From Deseret News archives:
Fat Man and Little Boy
Film review
One problem with "Fat Man and Little Boy" is that it's redundant. The same story was told in the TV-movie "Day One" earlier this year and J. Robert Oppenheimer was the subject of a PBS special a couple of years ago.
That wouldn't matter, of course, if "Fat Man and Little Boy" were a knockout movie, and the audience has every right to expect that, given the star power (Paul Newman), co-writer/director (Roland Joffe, "The Killing Fields"), cinematographer (Vilmos Zsigmond, "Close Encounters"), etc., attached to the project.
But "Fat Man and Little Boy" falls short somewhere, a distanced examination of the two years scientists spent holed up in Los Alamos, N.M., creating the world's first atomic bombs. In the end, that's the problem. It's just too distanced to allow us to get involved. ("Fat Man" was the bomb dropped on Hiroshima on Aug. 6, 1945; "Little Boy" was the bomb dropped on Nagasaki three days later.)
Newman is Gen.
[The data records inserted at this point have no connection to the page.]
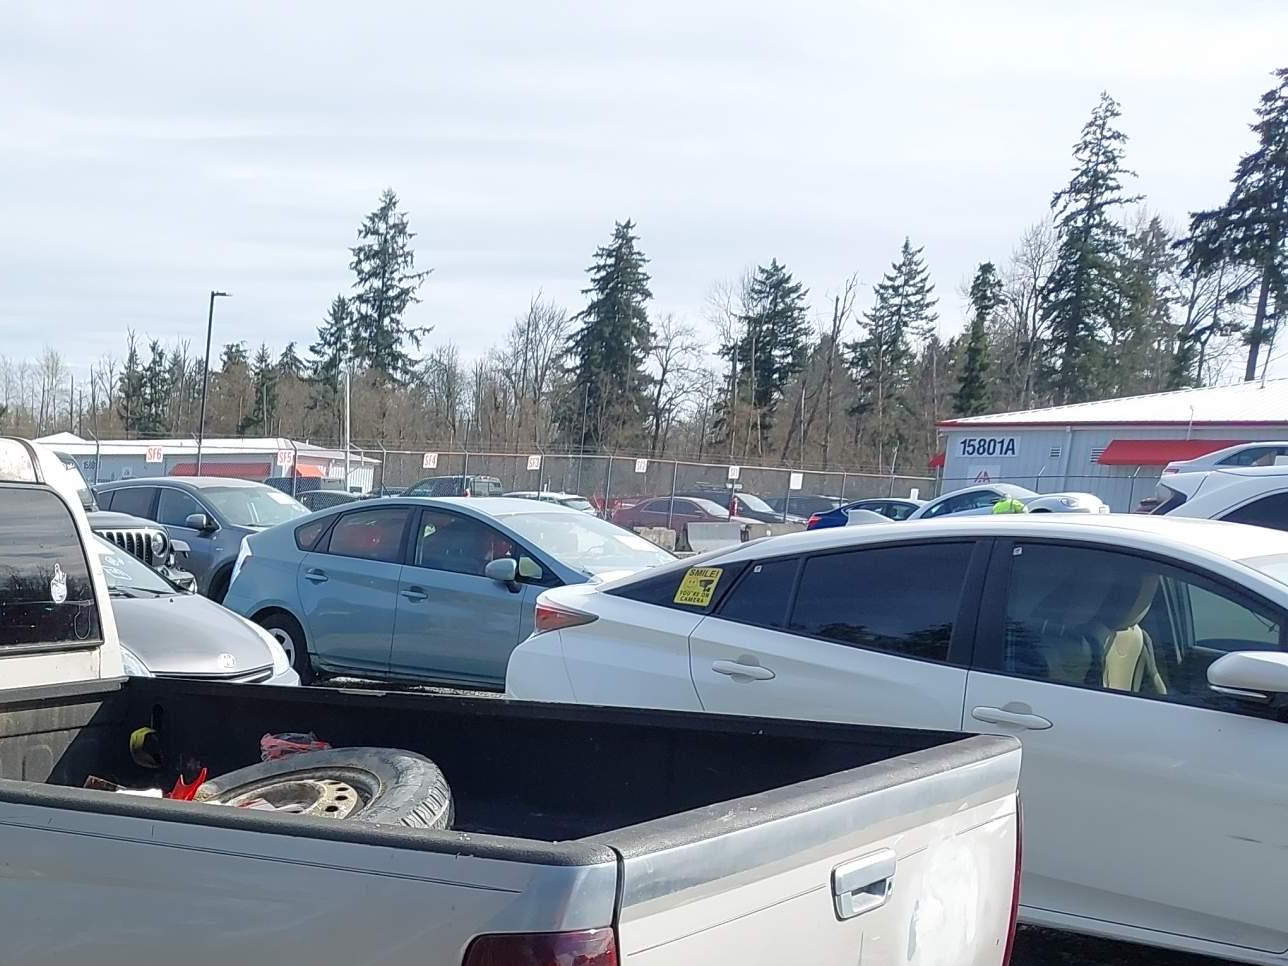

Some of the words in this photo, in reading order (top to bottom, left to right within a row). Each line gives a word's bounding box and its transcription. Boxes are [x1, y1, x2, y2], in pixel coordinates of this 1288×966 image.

[959, 437, 1017, 456] 15801A
[147, 447, 163, 461] SF6
[279, 451, 292, 464] SF5
[424, 454, 437, 467] SF4
[689, 569, 720, 578] SMILE!
[679, 596, 705, 604] CAMERA
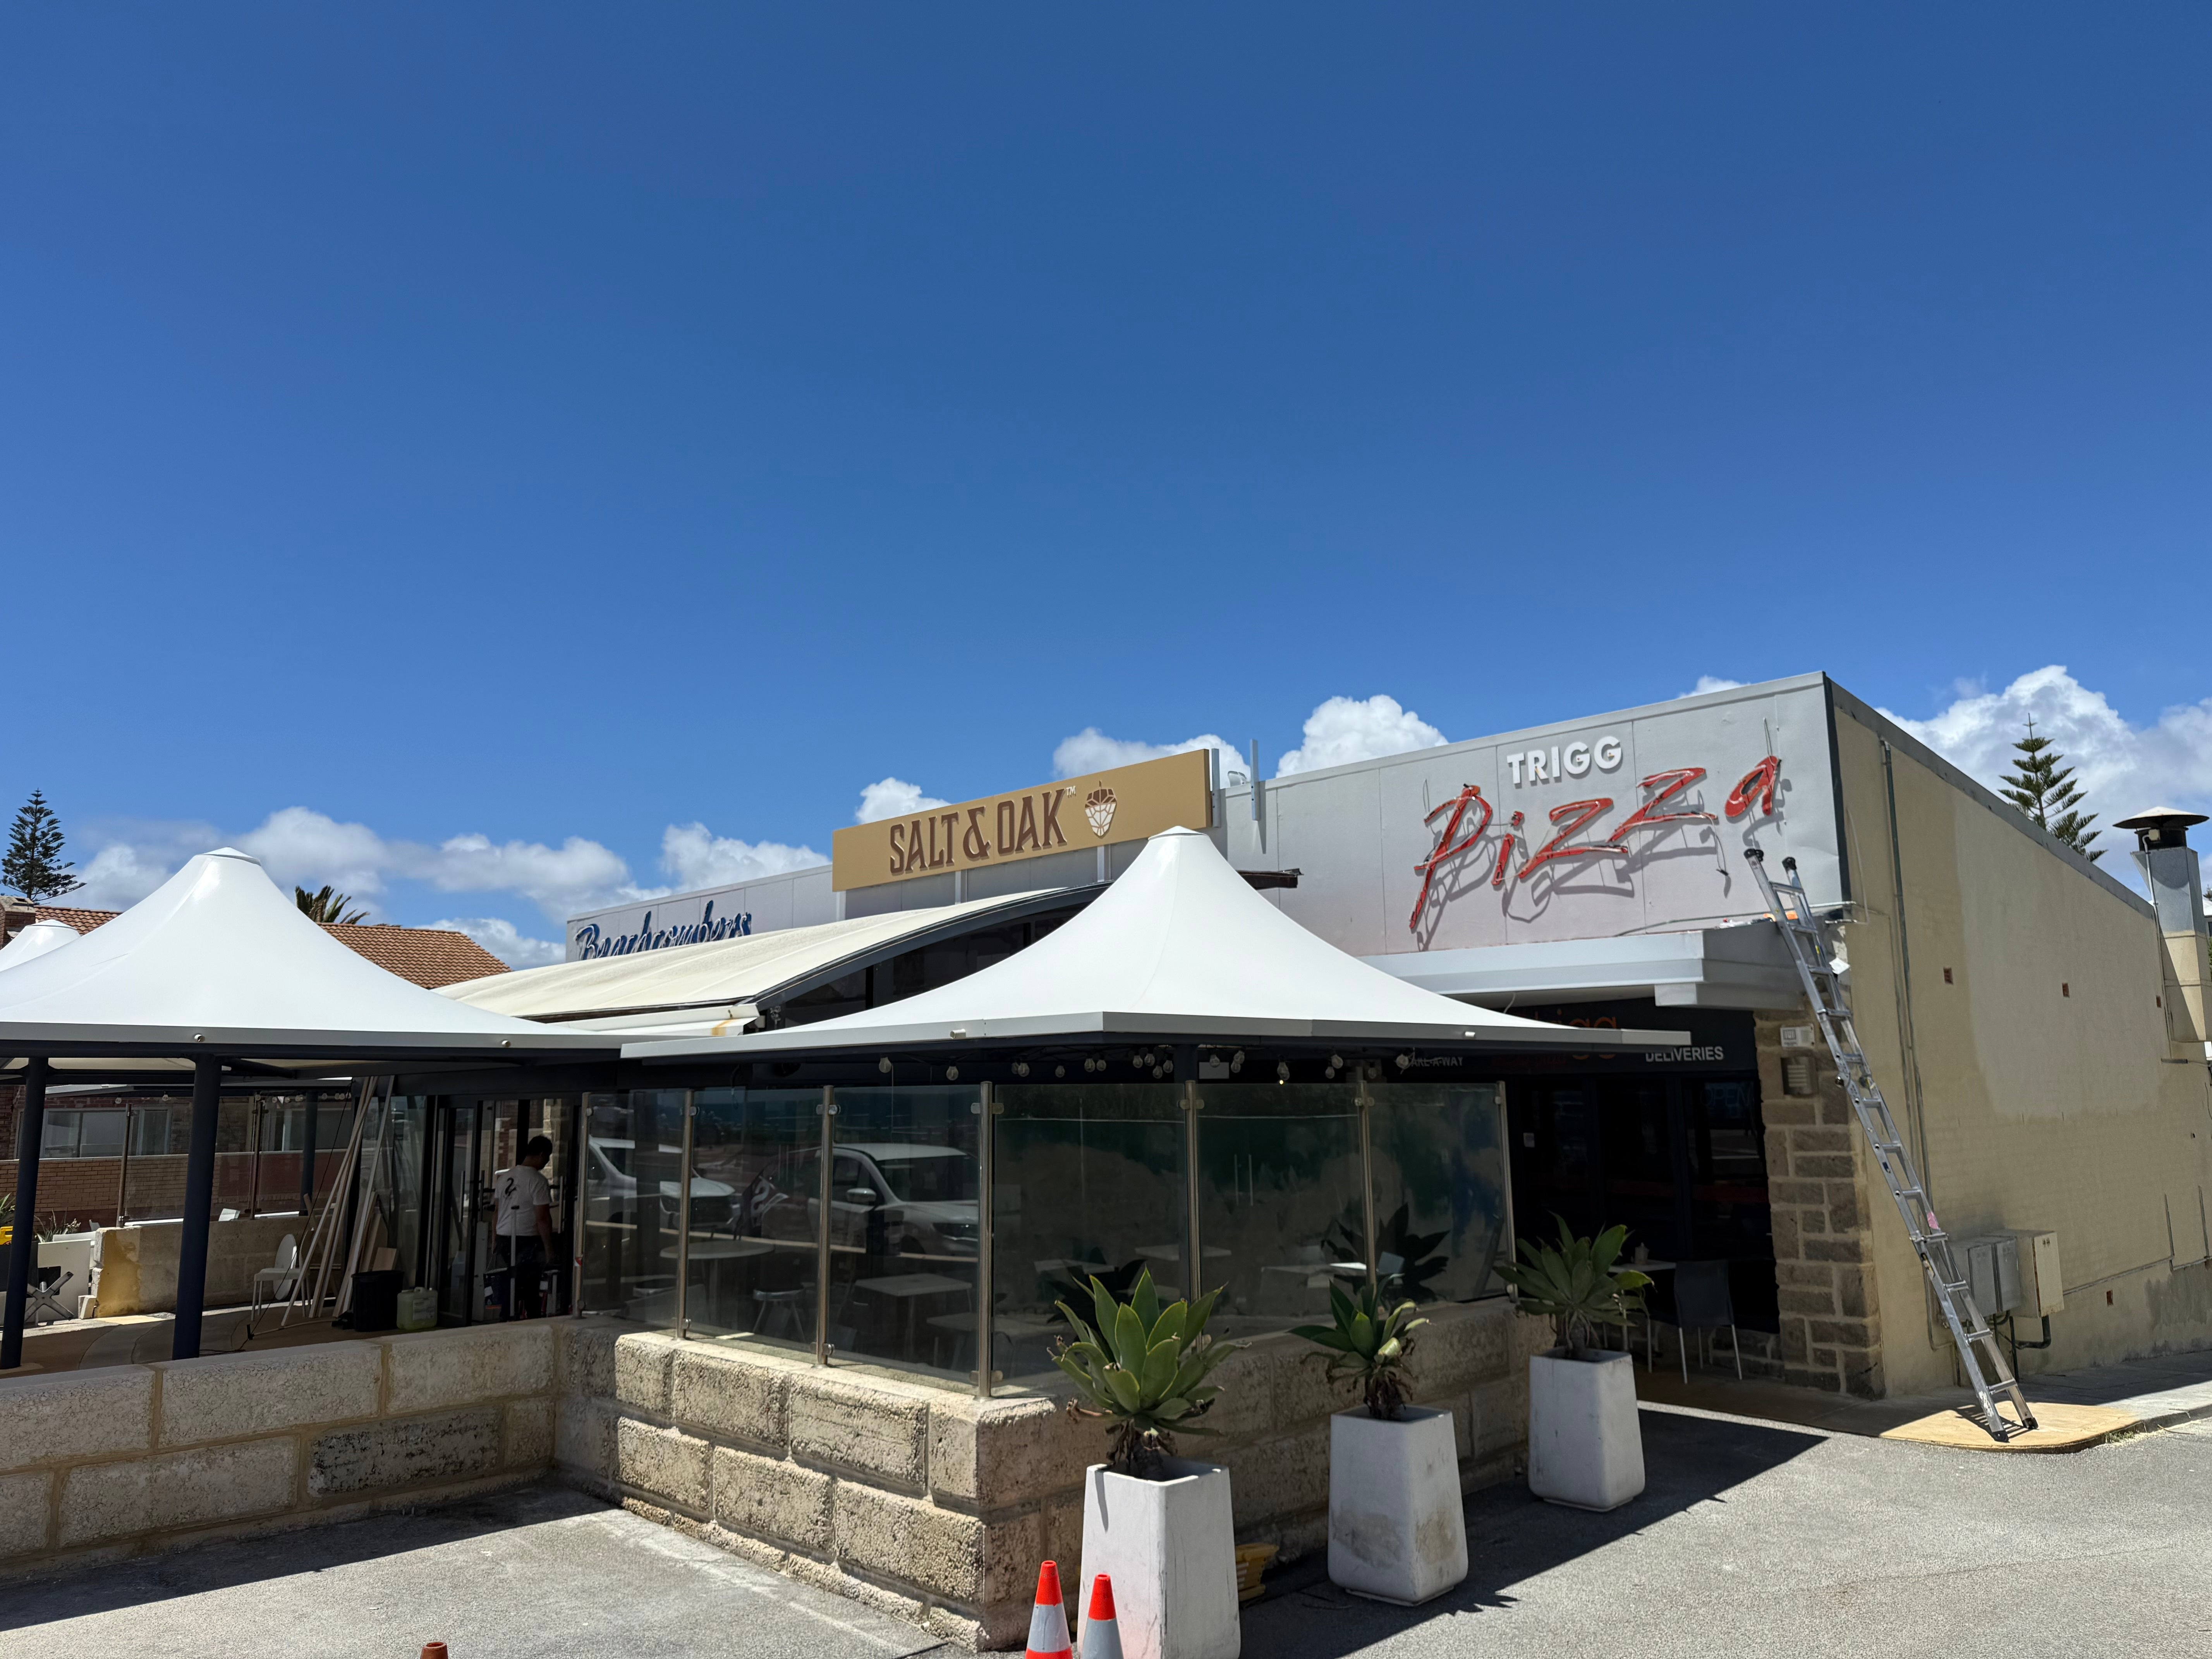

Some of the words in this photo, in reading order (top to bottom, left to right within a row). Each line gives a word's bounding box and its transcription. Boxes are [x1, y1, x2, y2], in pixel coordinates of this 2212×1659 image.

[1507, 735, 1623, 785] TRIGG
[890, 812, 959, 874] SALT
[963, 805, 991, 859] &
[997, 788, 1067, 855] OAK
[1645, 1046, 1725, 1062] DELIVERIES
Leslie Groves, the man chosen to pick the scientist to head up the $2 billion Manhattan Project and he, of course, picks Oppenheimer (Dwight Schultz). Oppenheimer in turn chooses the most brilliant physicists available to crack the problems inherent to creating the bomb.
Among those physicists is John Cusack, who keeps a diary for his father, who nominally narrates the film and who ultimately becomes the martyr for the cause. (Cusack's ultimate fate is paralleled with the countdown to the first practical test of the bomb as the mid-1945 deadline nears, a dramatic device that seems rather contrived.)
Joffe directs his story as sort of organized chaos, both the events that surround the scientists and the life they are forced to lead for two years and even in the shape of the film. There are few pauses or lingering moments, everything is rapid-fire action, short spurts of dialogue and quick editing cuts, which gives the film an edgy and nervous feel when it should be building tension.
The result is plenty of nervous energy, but an odd dramatic lethargy, despite the efforts of the excellent cast, the glossy technical aspects and Ennio Morricone's excellent music.
And for some reason the film avoids its most obvious dramatic element after the scientists who have helped create the bomb become conscience-stricken about the possibility of it actually being used, the movie stops short of allowing us to see the debate that ultimately led to its being dropped on Japan.